Потом мы узнали, что в планах на ближайшее будущее у Тины посещение Тибета (ведет переговоры с властями Китая), что жить хочет красиво и долго, что не мыслит себе жизни без крыльев и готова летать и учить этому других (как Джонатан Ливингстон у Баха), что…
- Хотеть жить красиво и долго, - говорит Лена, - надо крепко вкалывать.
- …что, вообще-то Тина планирует не только далёкое будущее, в котором не видит старости, но каждую минуту, каждую… требующую от жизни вечной молодости.
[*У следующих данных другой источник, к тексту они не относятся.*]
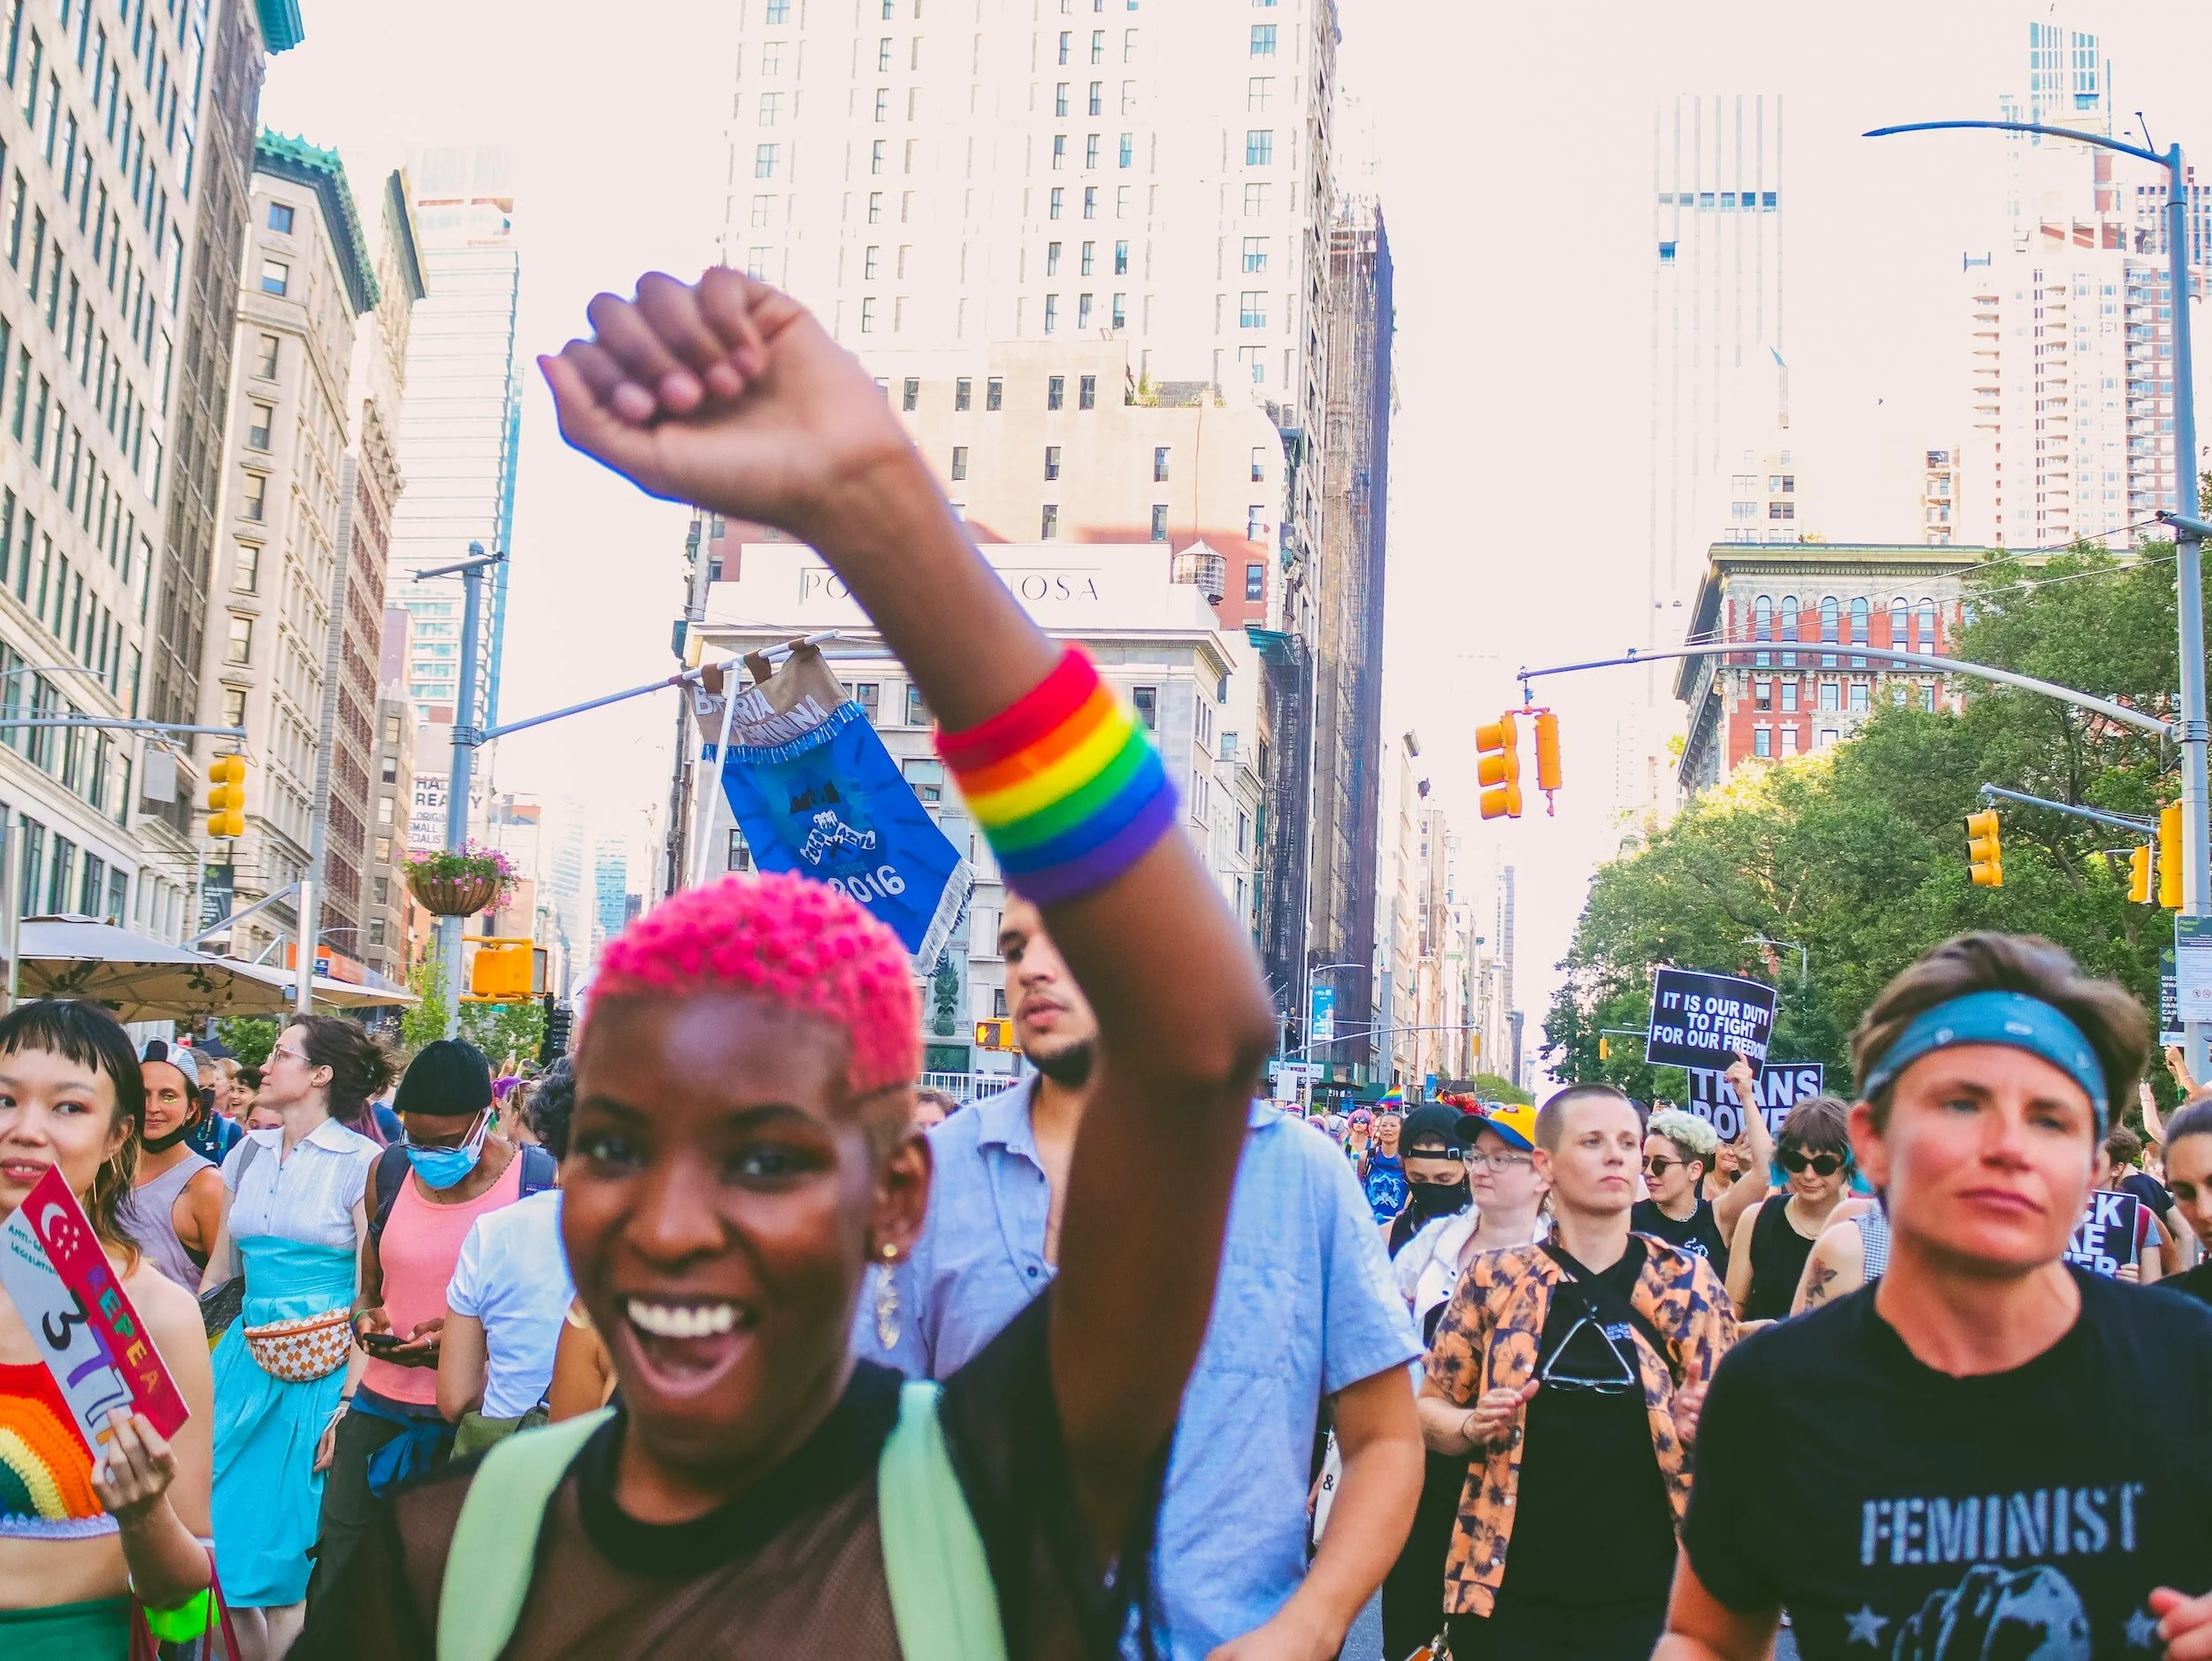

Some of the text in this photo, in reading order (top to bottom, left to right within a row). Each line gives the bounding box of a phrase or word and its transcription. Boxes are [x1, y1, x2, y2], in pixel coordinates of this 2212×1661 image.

[1662, 991, 1770, 1027] IT IS OUR DUTY
[1686, 1011, 1756, 1039] TO FIGHT
[1653, 1025, 1683, 1045] FOR
[1686, 1031, 1719, 1050] OUR
[42, 1286, 135, 1446] 377
[1861, 1480, 2145, 1566] FEMINIST
Ибо когда ты занят, говорит Тина, старость отступает…
И еще: что она никогда не готова к смерти близких, но смерть считает красивым и праздничным предприятием! Фейерическим и фонтанирующим! (С чего бы?!). Что терпеть не может бросаться на летящий автофургон или локомотив лишь только потому, что он не любимого (не кареглазый как крепкий чёрный чай!) цвета, что не любит отвечать на вопрос «Ты счастлива?» лишь потому, что твёрдо знает, что такое её счастье и не готова его ни с кем делить (Это – моё!), лишь потому, что оно – счастье – это дар Божий и её сокровенный интим, и даже сакрал, и что никакое скряжничество и никакая жадность и скупость тут ни при чём, и как вы этого не понимаете (её крик!), что счастье – это солнечный зайчик, бабочка-однодневка и только лишь редкое «ку!» из множества «кукукуууу»! И как вы этого не понимаете!?
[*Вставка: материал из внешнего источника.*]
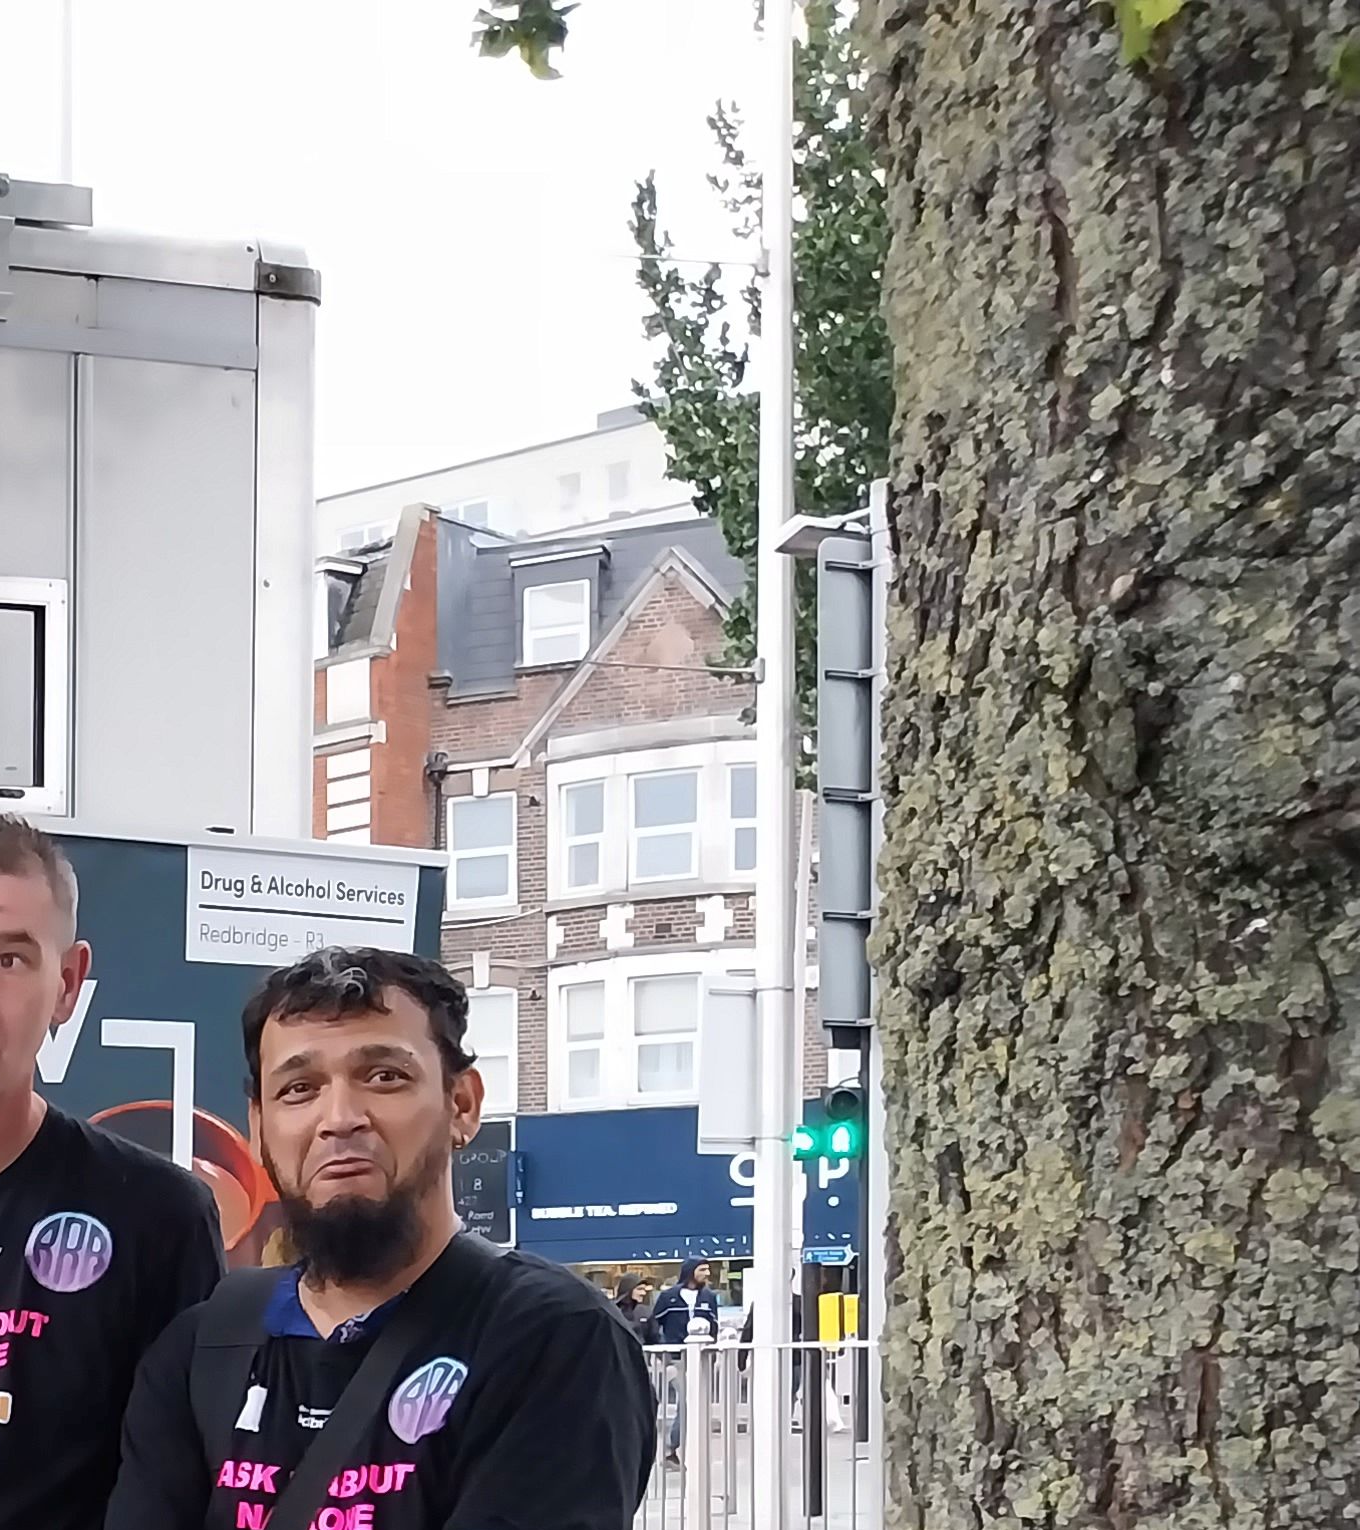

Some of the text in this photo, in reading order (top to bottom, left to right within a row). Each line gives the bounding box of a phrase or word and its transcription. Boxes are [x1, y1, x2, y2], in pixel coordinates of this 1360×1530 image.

[201, 870, 405, 906] Drug & Alcohol Services
[199, 923, 289, 951] Redbridge
[305, 931, 325, 950] R3
[217, 1460, 281, 1494] ASK
Оказалось, что Тина умеет злиться! И не терпит недотёп! «И если ты еще раз - грозно произносит она – ещё раз наденешь юбку…»… Это она мне так пригрозила…
- Ну, ты юбку-то снял? – смеется Лена.
- Она просто сдернула с меня эту злополучную юбку.
- Обабился ты, я смотрю, - говорит Лена.
- С кем поведёшься…
И что единственное качество, которое ей в себе нравится – это крылатость! И что крылья у неё с полмира, с целый мир, когда она распахнёт их, и что они белые-белые… как чаячий пух!... И что…
- Заездил ты всех их чаячьм пухом…
- Правда?..
- Слушай, пахнет ананасом, чуешь?.. Остынь, милый…
- Ладно… Но Тина, знаешь…
- Идем спать… Тебе надо отдохнуть.
- Ой, Тин, знаешь…
- Милый, я – Лена. Ты перегрелся. Идем спать…
- Да-да… спать… спать… спать…
С Тиной…
С ума сдуреть!
А ведь я уже был на грани…
Глава 23
- Вот видишь!..
Юля не находит себе места.
- Я же говорила…
В уголках ее дивных глаз вызревают озерца слез.
- Я же говорила…
Еще одно мое слово и слезы, я знаю, ливнем рухнут из этих глаз. И мне ничего не остается, как только, резко повернувшись на носках своих летних туфель, быстро уйти… Убежать, да-да, убежать… Это бегство спасет ее от умопомрачения, от истерики. Ничего не поделаешь – жертвы неизбежны. Это - как хоронить в сырую землю живые зерна… Надеясь на скорые всходы. Жаль, конечно, и этого краснощекого пузана, будущего Паганини… Конечно жаль! Но сколько их, будущих Бахов и Моцартов, Гогенов и Ван Гогов, Микельанджело и Роденов, Цезарей и Наполеонов… Сколькими из них еще придется пожертвовать, чтобы Пирамида пустила крепкие корни?... Сотнями, сотнями тысяч… Да, каждый новый клон – это новая жизнь, что там жизнь – целый мир, целая вселенная! И пока технология их производства (какое жуткое слово!) хромает, пока она несовершенна, достичь совершенства жизни никому не удастся.
Отсюда – жертвы…
С трупами в мире всегда были проблемы…
Но если люди уходят один за другим, десятками, сотнями или сотнями тысяч…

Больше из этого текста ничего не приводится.